UN SITE LÉGENDAIRE...une forteresse

UN SITE LÉGENDAIRE...

La fable dit que le premier vicomte Èble avait posé les fondations de son château au Single de Chamalot dans les Gorges de la Luzège ; mais l’ouvrage des mâcons était mystérieusement démoli chaque nuit... Un matin, Èble saisit un marteau, le lança aussi loin qu’il put du chantier maudit, et l'outil atterrit au sommet du mont Ventadour.

Éperon barré, ses flancs sont naturellement fortifiés par les profondes vallées des ruisseaux de la Vigne et de la Soudeillette dont les eaux se rassemblent avant de se jeter dans la Luzège. On y accède commodément en venant du Moustier et la Chanselve sur un ensellement défendu par deux fossés encore visibles.

« L’un des plus forts châteaux du monde », selon le chroniqueur Froissart, a son entrée primitive presque intacte. Par cette poterne et un couloir en pente, on accède à un vestibule qui conserve une partie de sa voûte. Ses meurtrières lui valent le nom de « souricière », car l’assaillant qui avait pénétré jusque là se retrouvait à la merci des défenseurs. La place ne fut d'ailleurs jamais prise que par trahison.
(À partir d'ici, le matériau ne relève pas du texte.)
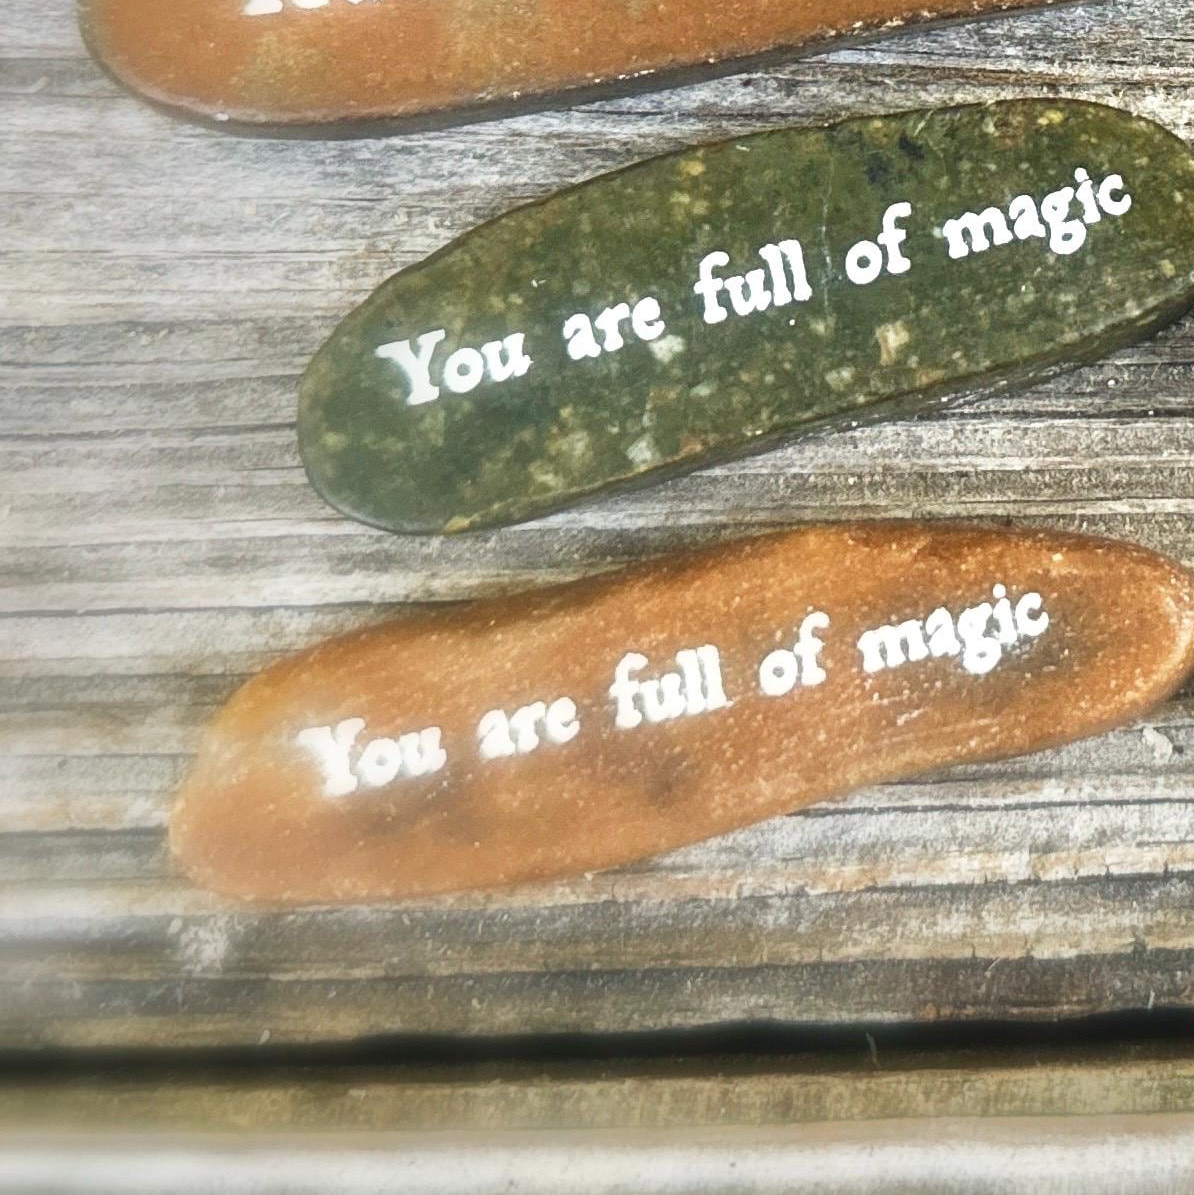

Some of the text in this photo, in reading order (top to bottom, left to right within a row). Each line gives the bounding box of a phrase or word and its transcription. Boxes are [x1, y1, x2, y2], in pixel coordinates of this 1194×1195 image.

A partir de cette salle, on pénètre dans l’enceinte du château.

            

A gauche, on devine une résidence seigneuriale ou donjon s’élevait sans doute au-dessus de la souricière et de la chapelle Saint-Georges (XIIIe s.). Par une passerelle à l'étage de celle-ci, l'on accédait à la tour maîtresse - entrepôts, salle de garde et plate-forme de guet - puis au chemin de ronde. Ces constructions sont nées entre le XIIIe et le XIVe siècle.

A droite, s'élevait le second logis seigneurial dont les bases, des XVe-XVIe siècles, ont été mises au jour sans être, hélas, consolidées lors des fouilles de 1965-70. La tour carrée Renaissance, dont on discerne une fenêtre à meneaux et une cheminée, clôt la première cour, ou grande baille, ou se creuse aussi la citerne souterraine. Traversant cette cour, on atteint la petite baille qui s'achève par une redoute dont la salle en sous-sol est visitable. A partir de là, seuls des chemins de chèvres dévalent à la rivière, au pont Roudal où la légende fait naître Bernart de Ventadorn.